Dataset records
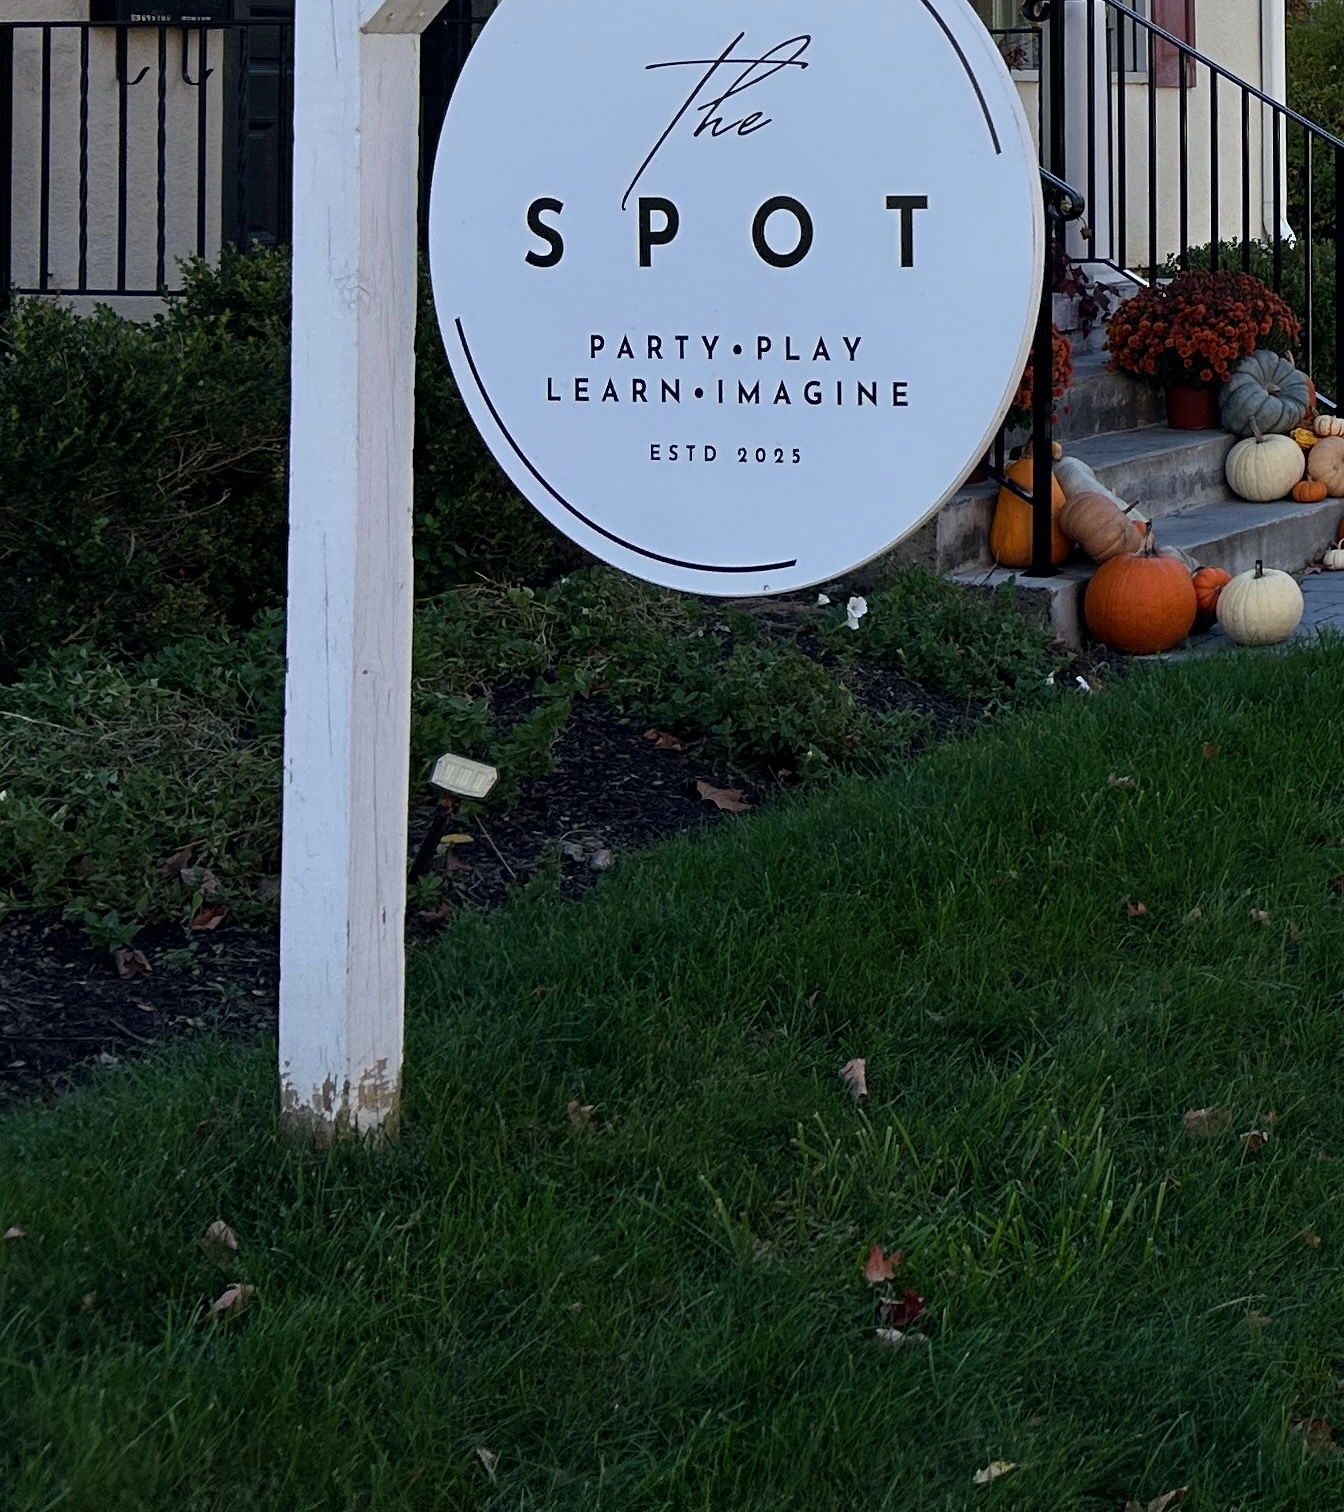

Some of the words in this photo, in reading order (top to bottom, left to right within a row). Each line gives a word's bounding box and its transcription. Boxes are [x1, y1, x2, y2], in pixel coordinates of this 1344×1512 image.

[524, 194, 929, 269] SPOT
[650, 443, 718, 462] ESTD
[737, 446, 801, 464] 2025
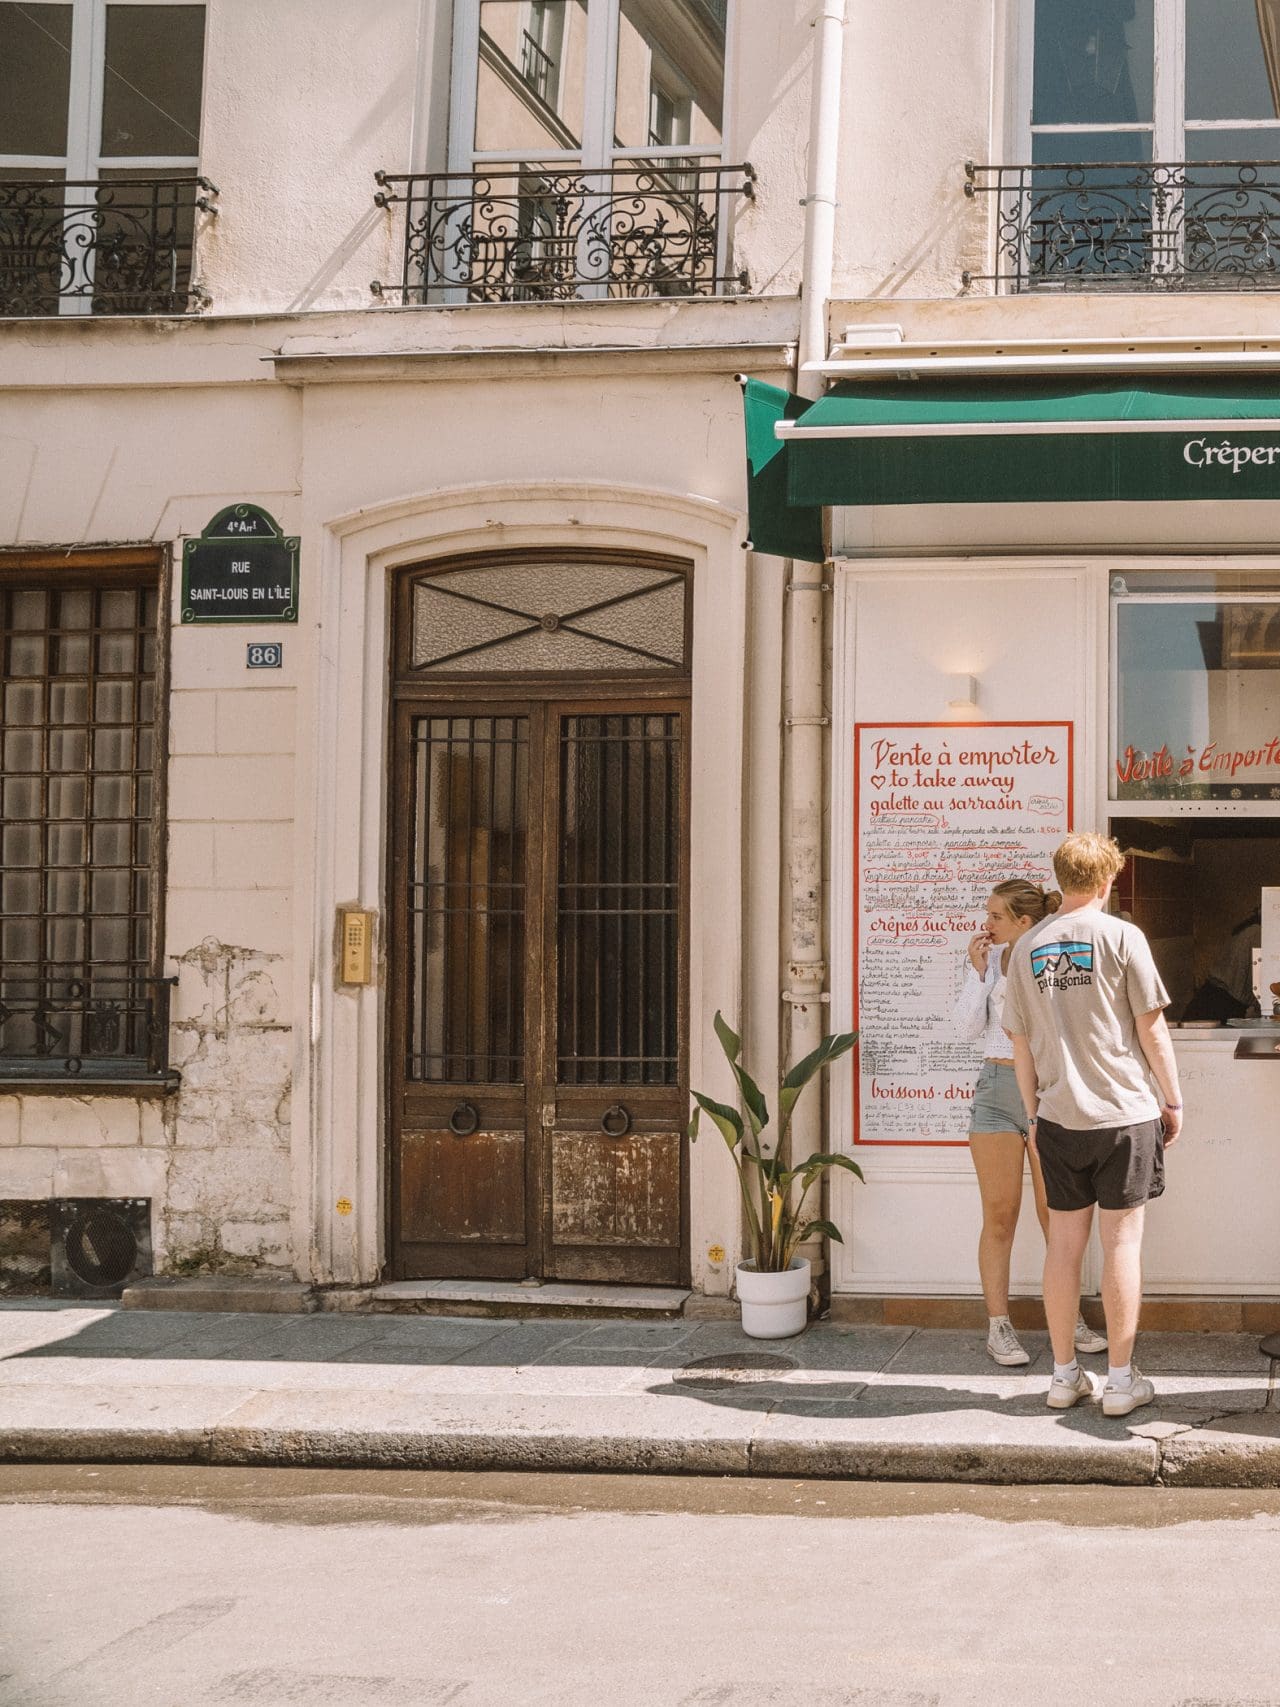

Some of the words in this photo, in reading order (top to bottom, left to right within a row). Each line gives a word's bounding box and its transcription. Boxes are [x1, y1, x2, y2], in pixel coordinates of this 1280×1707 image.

[231, 561, 251, 574] RUE
[190, 587, 249, 601] SAINT-LOUIS
[252, 587, 265, 600] EN
[251, 647, 276, 664] 86
[870, 738, 932, 770] Vente
[938, 742, 951, 766] à
[959, 740, 1060, 774] emporter
[1116, 744, 1173, 783] Vente
[888, 769, 909, 788] to
[912, 769, 956, 788] take
[960, 775, 1015, 794] away
[870, 792, 919, 816] galette
[923, 799, 944, 811] au
[949, 794, 1023, 811] sarrasin
[870, 916, 918, 937] crêpes
[1037, 974, 1092, 993] patagonia
[871, 1078, 935, 1099] boissons
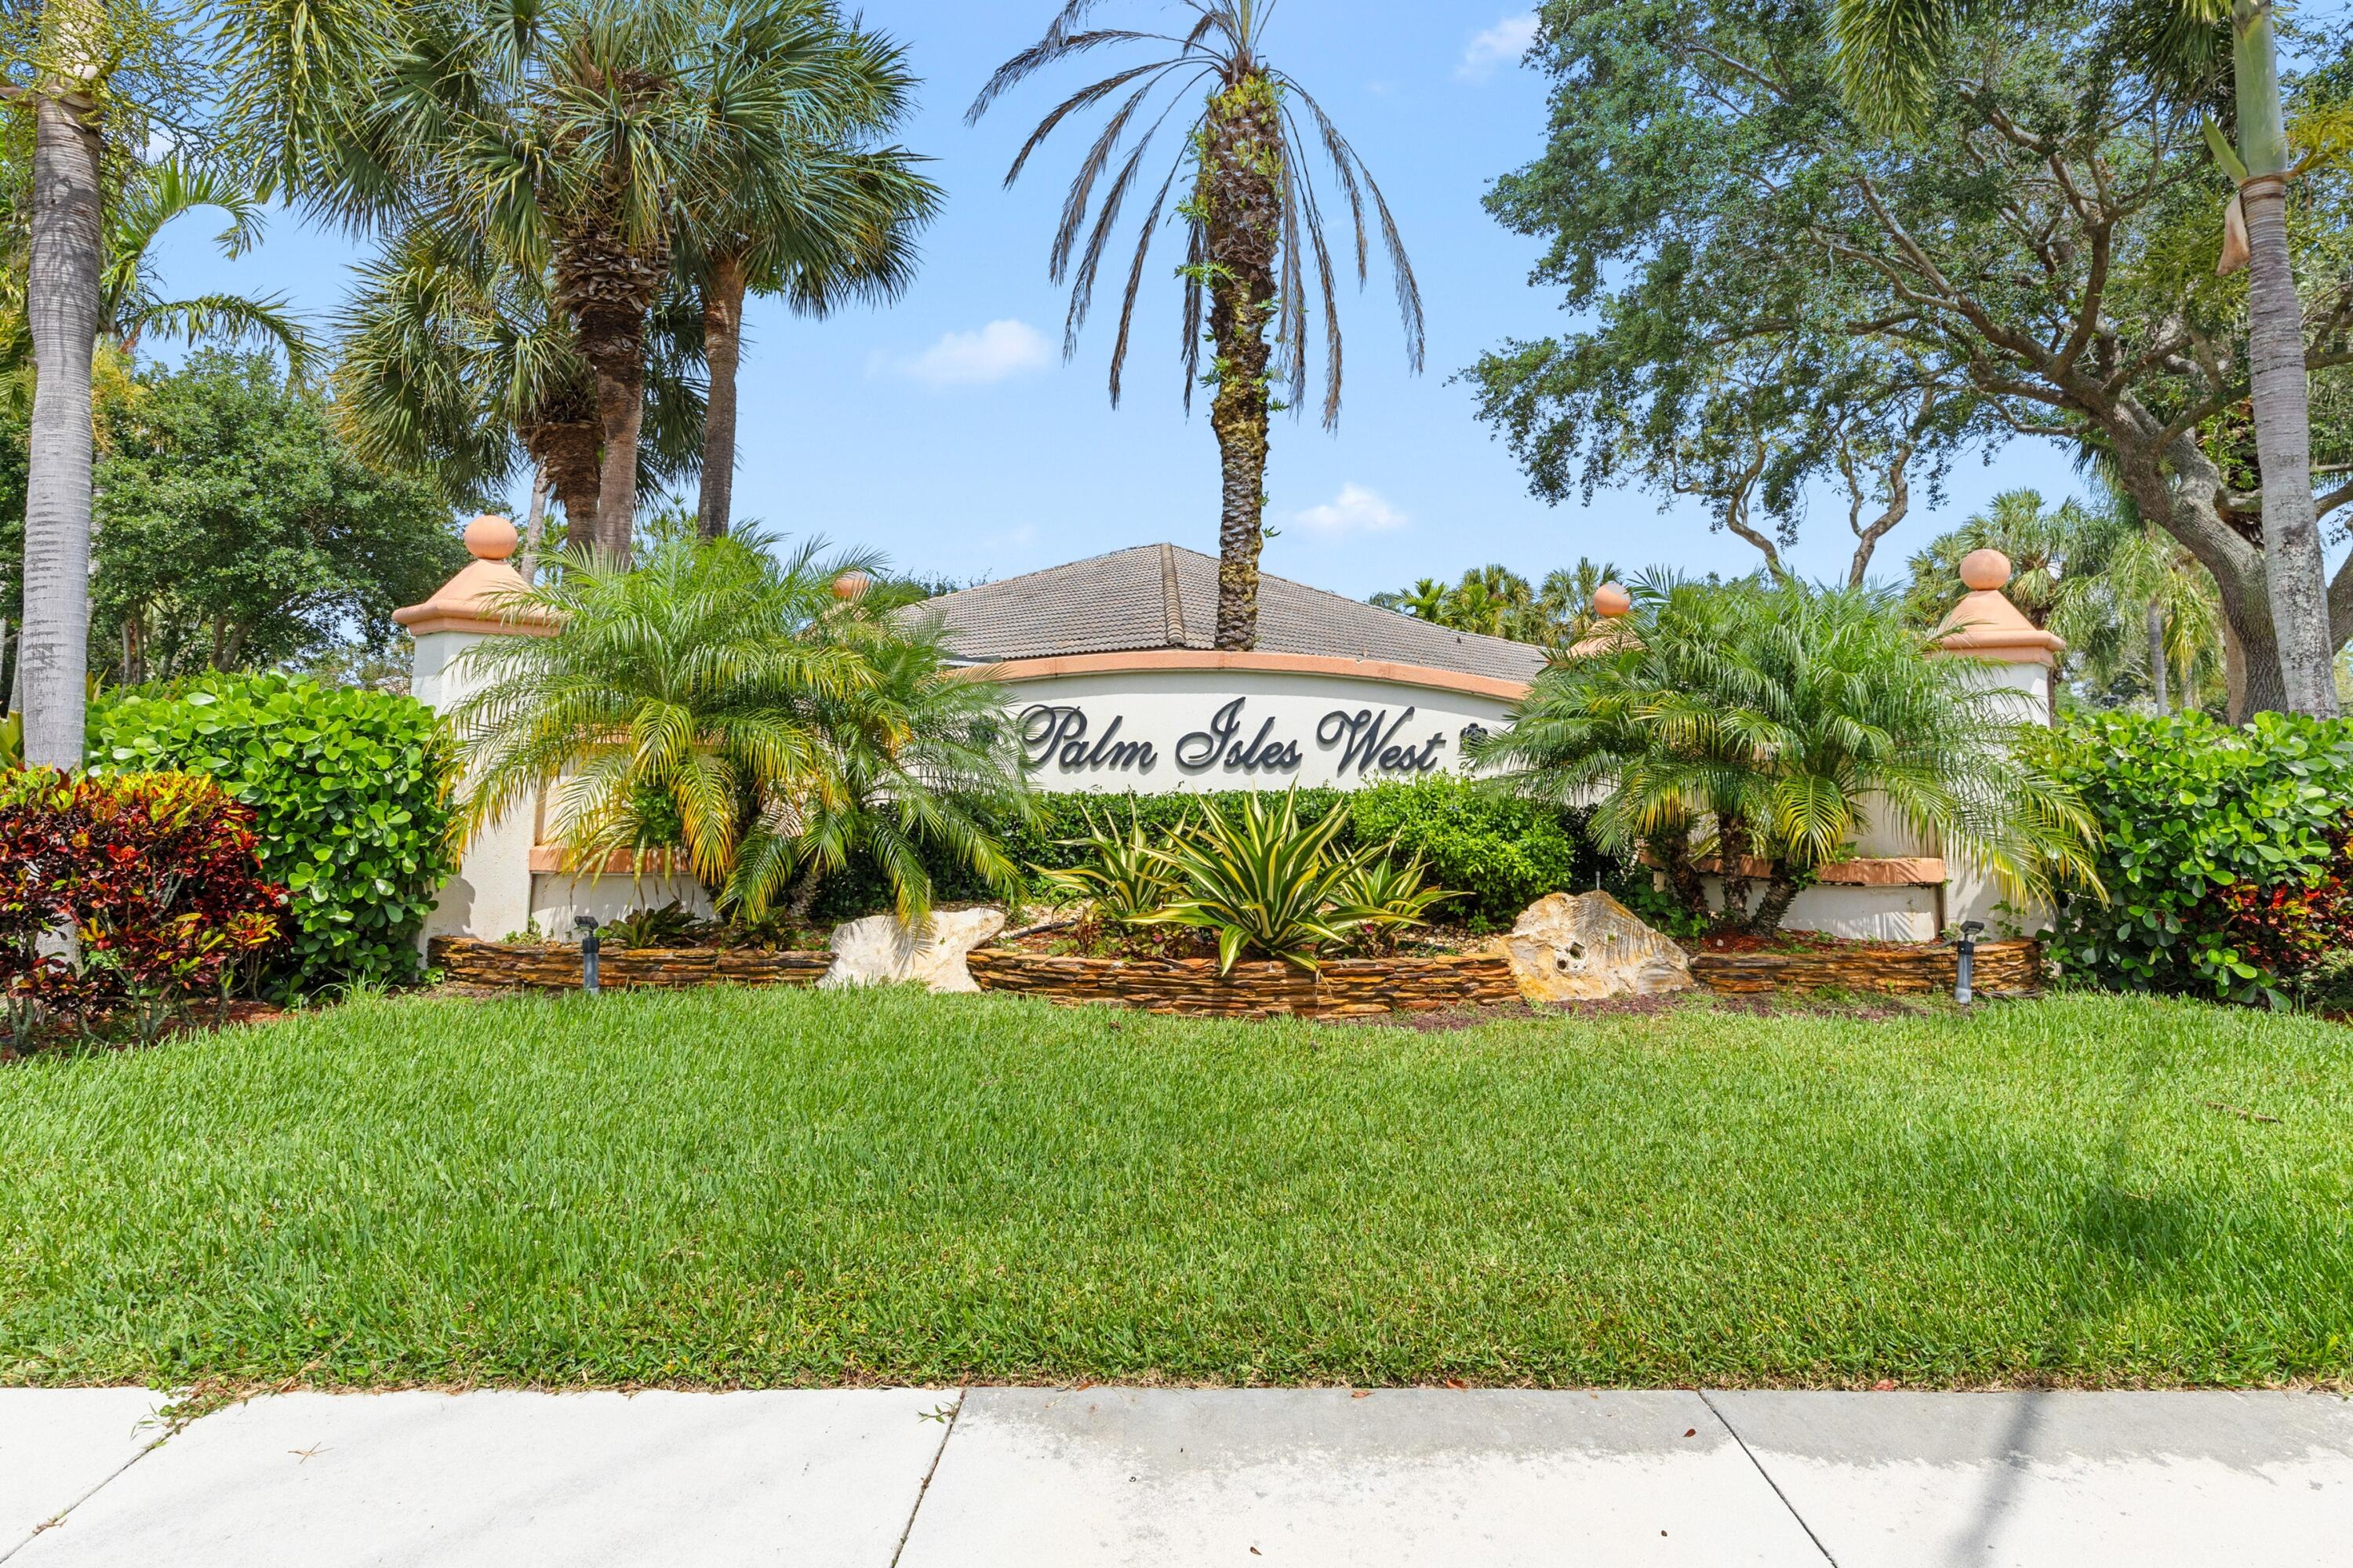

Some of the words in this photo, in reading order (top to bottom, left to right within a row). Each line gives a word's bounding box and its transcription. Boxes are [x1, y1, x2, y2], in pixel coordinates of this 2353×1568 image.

[1020, 704, 1158, 768] Palm
[1176, 697, 1302, 768] Isles
[1316, 706, 1446, 772] West

▶ **PROBLEM TO SOLVE**:
Reproduce exactly every line between the line with "this 2353×1568 image." and the last line of the records above, both included.

▶ **WRITTEN ANSWER**:
Some of the words in this photo, in reading order (top to bottom, left to right within a row). Each line gives a word's bounding box and its transcription. Boxes are [x1, y1, x2, y2], in pixel coordinates of this 2353×1568 image.

[1020, 704, 1158, 768] Palm
[1176, 697, 1302, 768] Isles
[1316, 706, 1446, 772] West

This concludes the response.